4. Chunk Text: The extracted text is chunked into smaller, overlapping pieces using Mastra's MDocument utility. This is crucial for providing focused context to the AI.

   const doc = MDocument.fromText(documentText);
   const chunks = await doc.chunk({ /* ... chunking config ... */ });

5. Generate Embeddings: The text chunks are sent to the OpenAI API to be converted into vector embeddings using embedMany.
6. Upsert to Couchbase: The embeddings, along with their corresponding text and metadata, are saved to Couchbase using vectorStore.upsert().

4.2 Retrieval & Generation: From Query to Answer

When a user sends a message in the chat, the /api/chat route takes over.

1. Receive Query: The POST handler in src/app/api/chat/route.ts receives the user's message history.
2. Invoke Agent: It calls our researchAgent with the conversation history.

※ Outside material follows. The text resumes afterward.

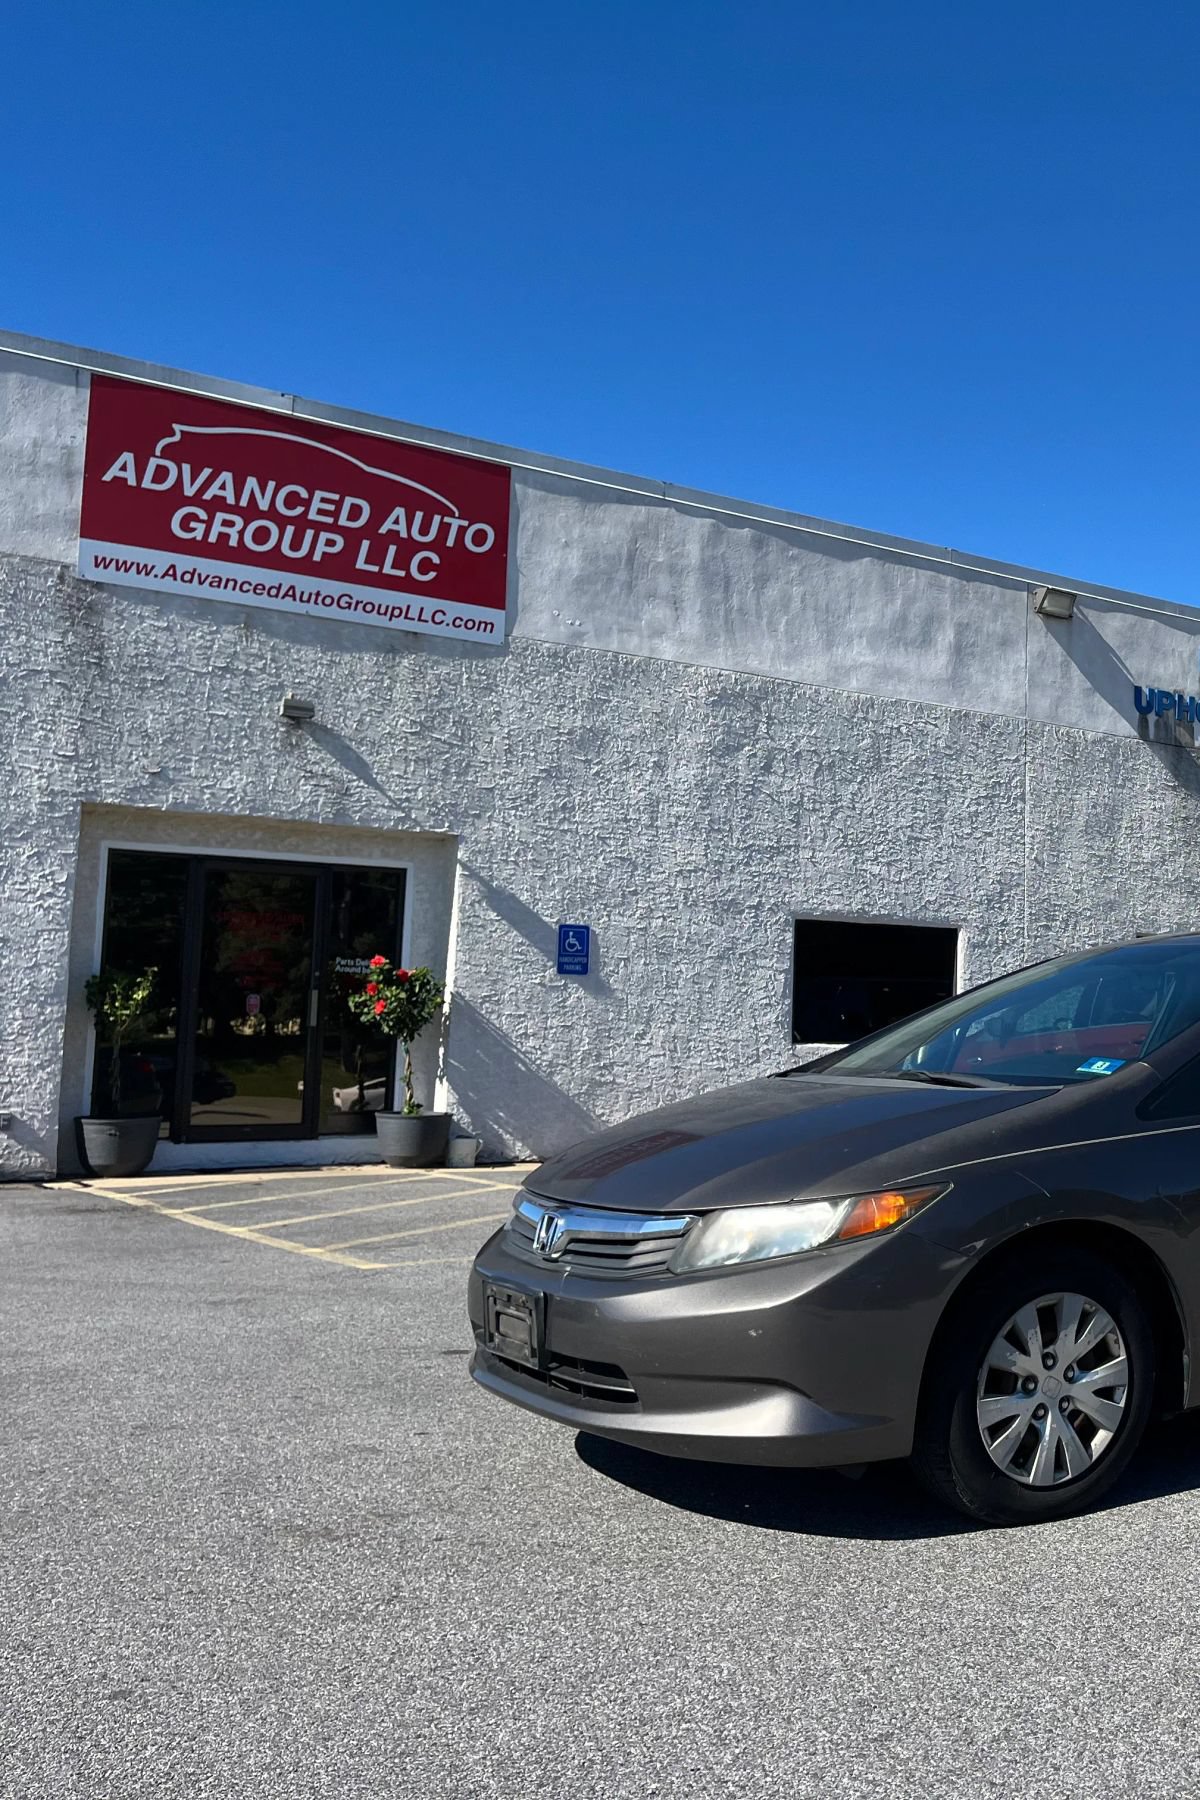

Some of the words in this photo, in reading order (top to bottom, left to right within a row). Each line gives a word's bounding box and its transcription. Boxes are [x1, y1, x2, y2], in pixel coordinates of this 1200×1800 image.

   // src/app/api/chat/route.ts
   const stream = await researchAgent.stream(matraMessages);

3. Use Tool: The researchAgent, guided by its instructions, determines that it needs to find information and calls its vectorQueryTool.
4. Vector Search: The tool embeds the user's query and searches Couchbase for the most relevant document chunks.
5. Augment Prompt: The retrieved chunks are added to the context of the agent's prompt to the LLM.
6. Generate Response: The agent sends the augmented prompt to OpenAI's gpt-4o-mini, which generates a response based only on the provided information.
7. Stream Response: The response is streamed back to the user for a real-time chat experience.

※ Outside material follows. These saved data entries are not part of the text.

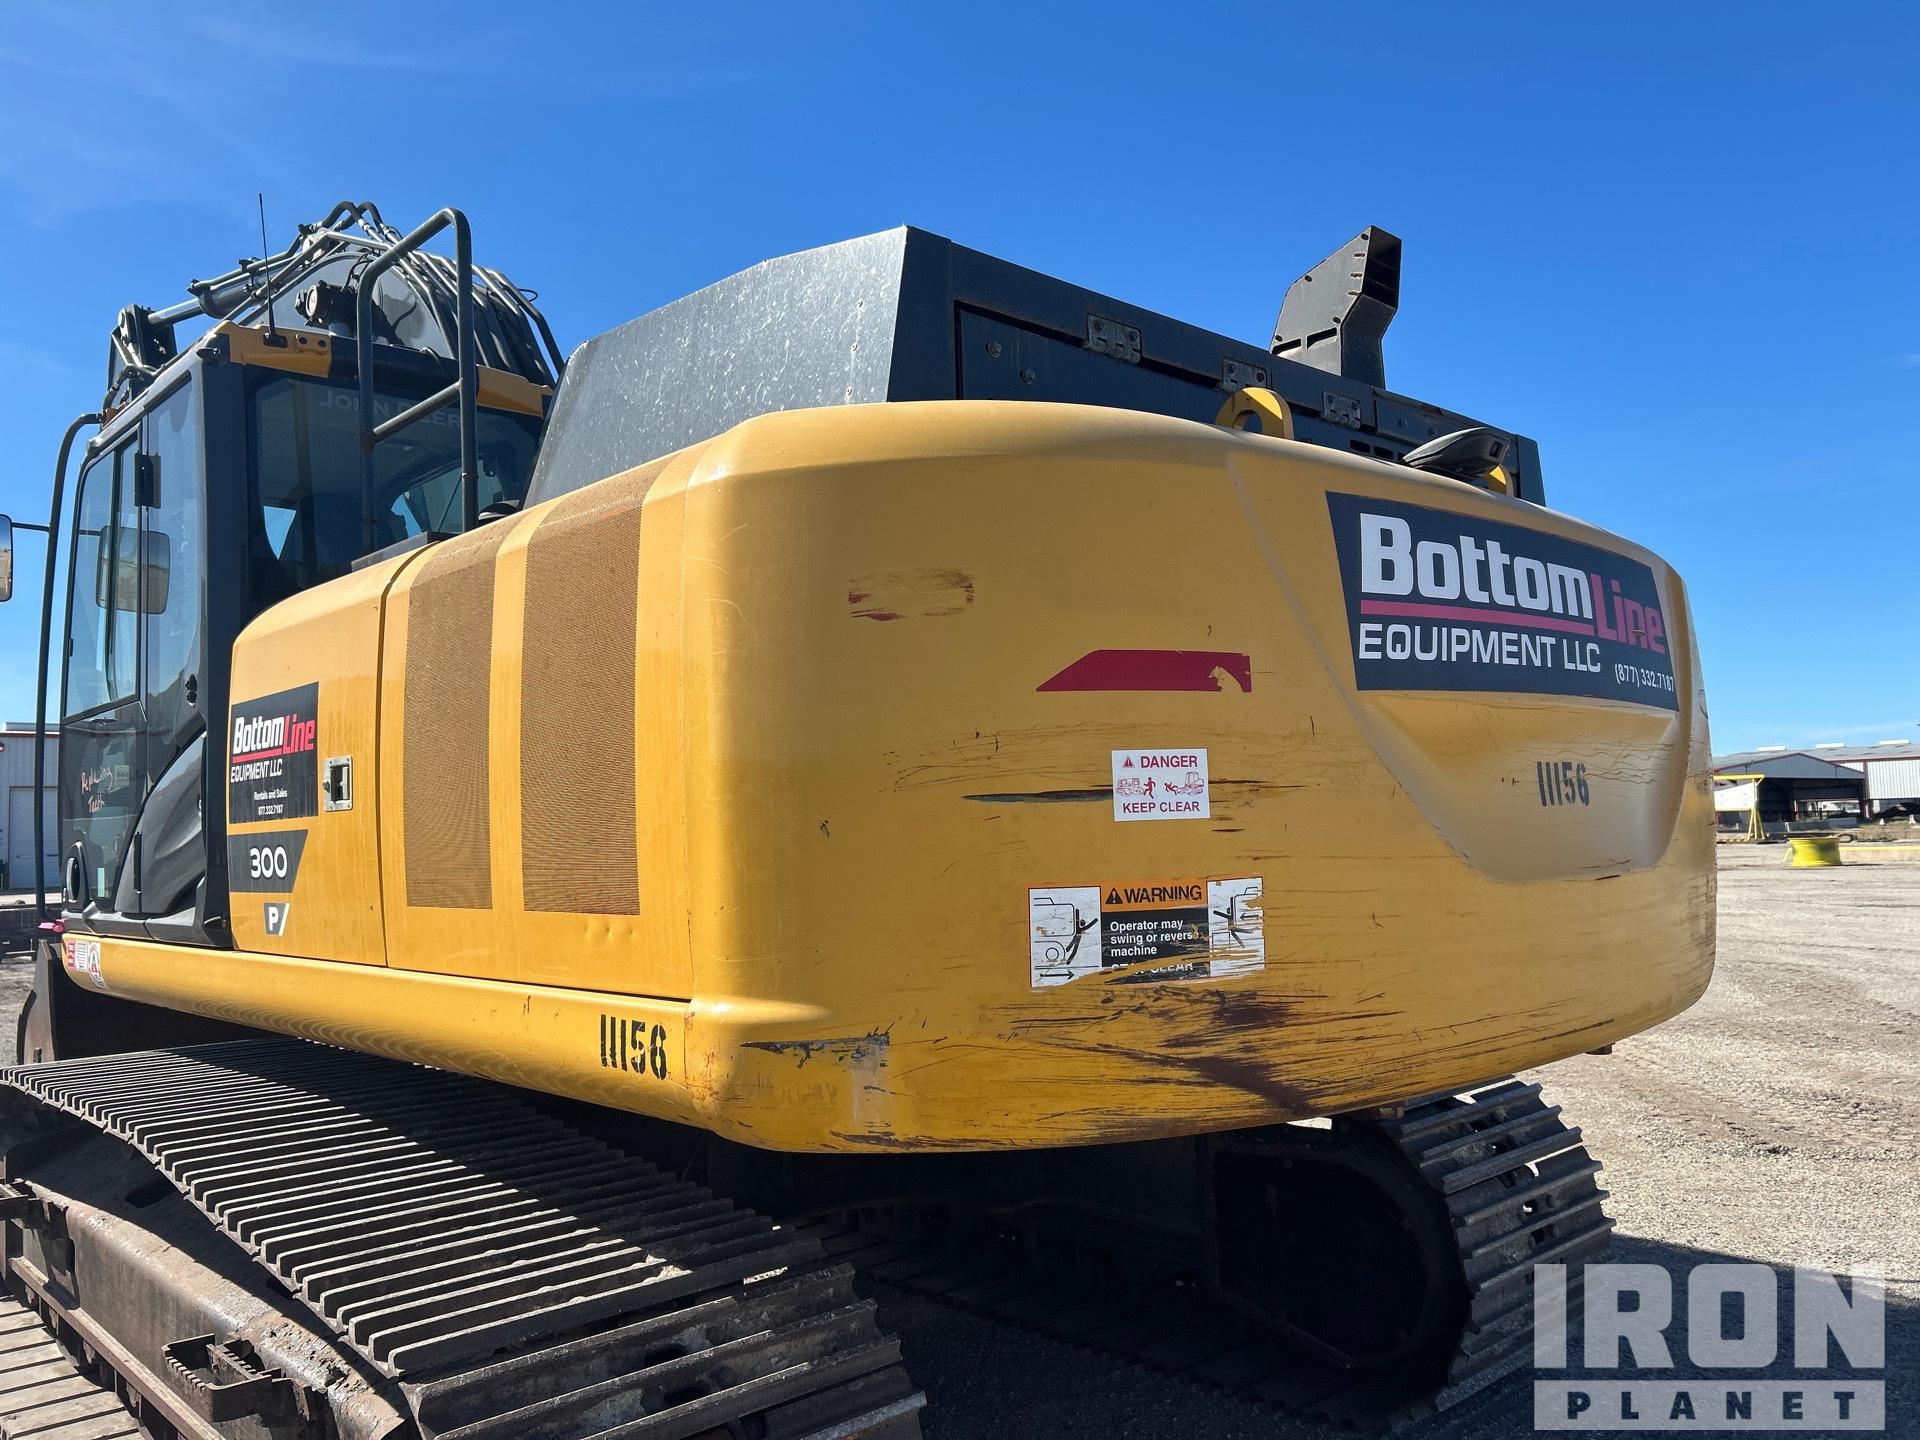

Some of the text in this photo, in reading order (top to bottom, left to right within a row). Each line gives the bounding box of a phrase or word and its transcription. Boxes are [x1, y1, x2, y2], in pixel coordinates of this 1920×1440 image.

[1360, 512, 1666, 655] BottomLine
[1359, 623, 1675, 693] EQUIPMENT LLC (877) 332.7187
[234, 714, 315, 754] BottomLine
[231, 758, 283, 782] EQUIPMENT LLC
[1140, 755, 1198, 769] DANGER
[276, 788, 288, 799] Sales
[1537, 761, 1590, 807] 11156
[1122, 801, 1200, 814] KEEP CLEAR
[250, 846, 288, 879] 300
[1124, 885, 1203, 904] WARNING
[1110, 919, 1183, 933] Operator may
[1110, 934, 1143, 946] swing
[1146, 934, 1157, 943] or
[1111, 945, 1157, 957] machine

Part 5: Next.js Frontend Integration

The frontend is a Next.js application using React Server Components and Client Components for a modern, responsive user experience.

5.1 PDF Upload Component

The file upload functionality is handled by src/components/PDFUploader.tsx.

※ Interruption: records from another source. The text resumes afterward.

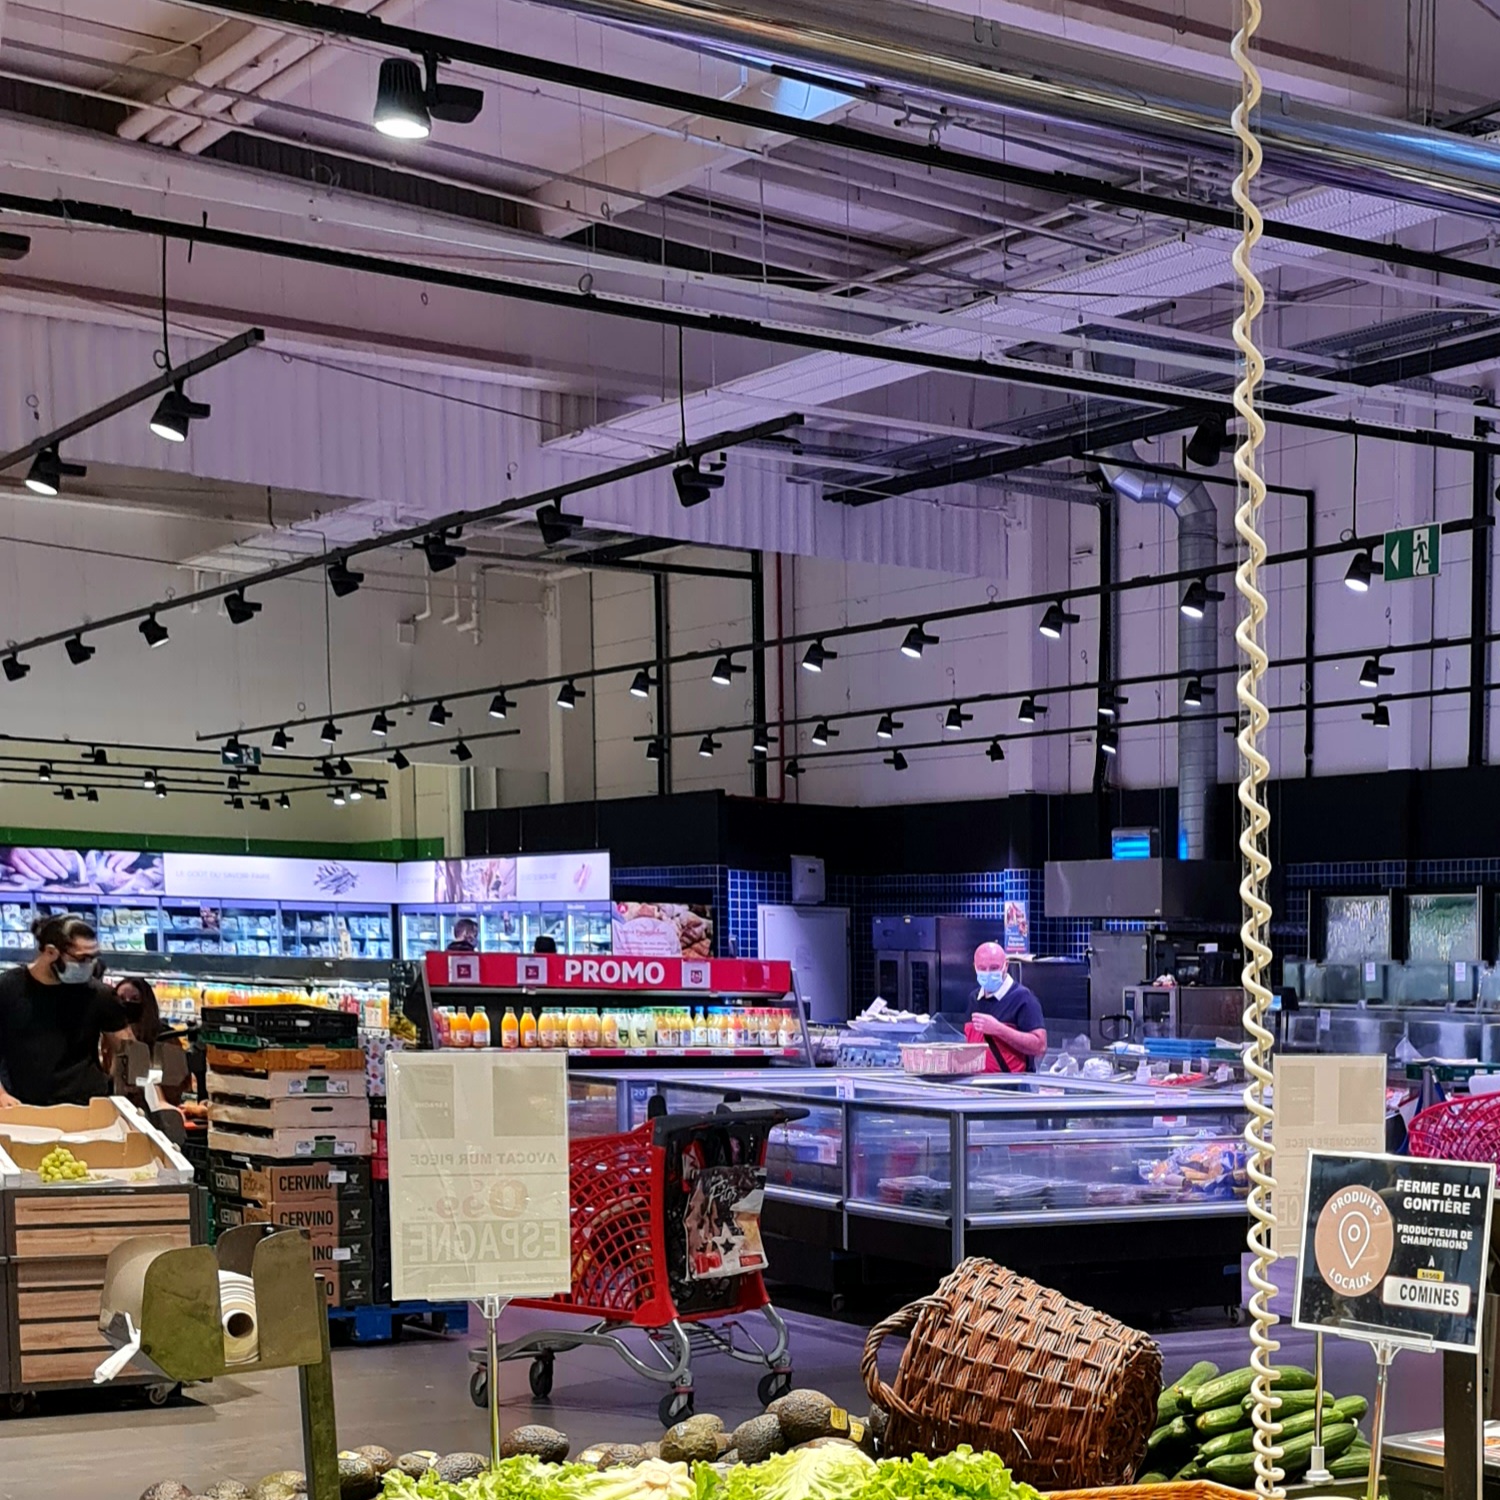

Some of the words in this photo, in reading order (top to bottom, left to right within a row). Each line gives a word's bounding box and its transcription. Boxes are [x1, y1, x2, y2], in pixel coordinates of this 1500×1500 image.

[564, 960, 665, 985] PROMO
[279, 1175, 333, 1192] CERVINO
[1396, 1179, 1440, 1196] FERME
[1443, 1183, 1461, 1198] DE
[1464, 1185, 1482, 1199] LA
[1331, 1192, 1383, 1217] PRODUITS
[1402, 1196, 1471, 1216] GONTIÈRE
[280, 1210, 334, 1226] CERVINO
[1397, 1223, 1455, 1240] PRODUCTEUR
[1457, 1230, 1473, 1241] DE
[1401, 1234, 1469, 1250] CHAMPIGNONS
[1329, 1267, 1373, 1290] LOCAUX
[1399, 1283, 1460, 1307] COMINES

• It uses the react-dropzone library to provide a drag-and-drop interface.
• It's a "use client" component because it relies on browser-side state and events.
• When a file is uploaded, it sends a POST request with FormData to our /api/ingestPdf endpoint.
• Upon a successful response, it navigates the user to the chat page.

// src/components/PDFUploader.tsx

const uploadPdf = async (event) => {
    // ...
    const data = new FormData();
    data.set("file", selectedFile);

    const response = await fetch("/api/ingestPdf", {
        method: "POST",
        body: data,
    });
    const jsonResp = await response.json();

    router.push("/chatPage" + "?" + createQueryString("fileName", jsonResp.fileName));
};

5.2 Chat Interface

The chat interface is composed of several components found in src/components/chatPage/. The main logic for handling the conversation would typically use the useChat hook from the ai package to manage message state, user input, and the streaming response from the /api/chat endpoint.

This separation of concerns allows the backend to focus on the heavy lifting of AI and data processing, while the frontend focuses on delivering a smooth user experience.

Appendix: Customization and Extensions

Supporting Different Document Types

You can extend the readDocument function in ingestPdf/route.ts to support other file types like .docx or .txt by using different parsing libraries.

Advanced Mastra Features

Explore more of Mastra's capabilities by creating multi-agent workflows, adding more custom tools (e.g., a tool to perform web searches), or implementing more sophisticated memory strategies.

Enhanced Vector Search

Improve retrieval by experimenting with hybrid search (combining vector search with traditional keyword search), filtering by metadata, or implementing more advanced chunking and embedding strategies.

Congratulations! You've now seen how to build a powerful RAG application with Mastra, Couchbase, and Next.js. Use this foundation to build your own custom AI-powered solutions.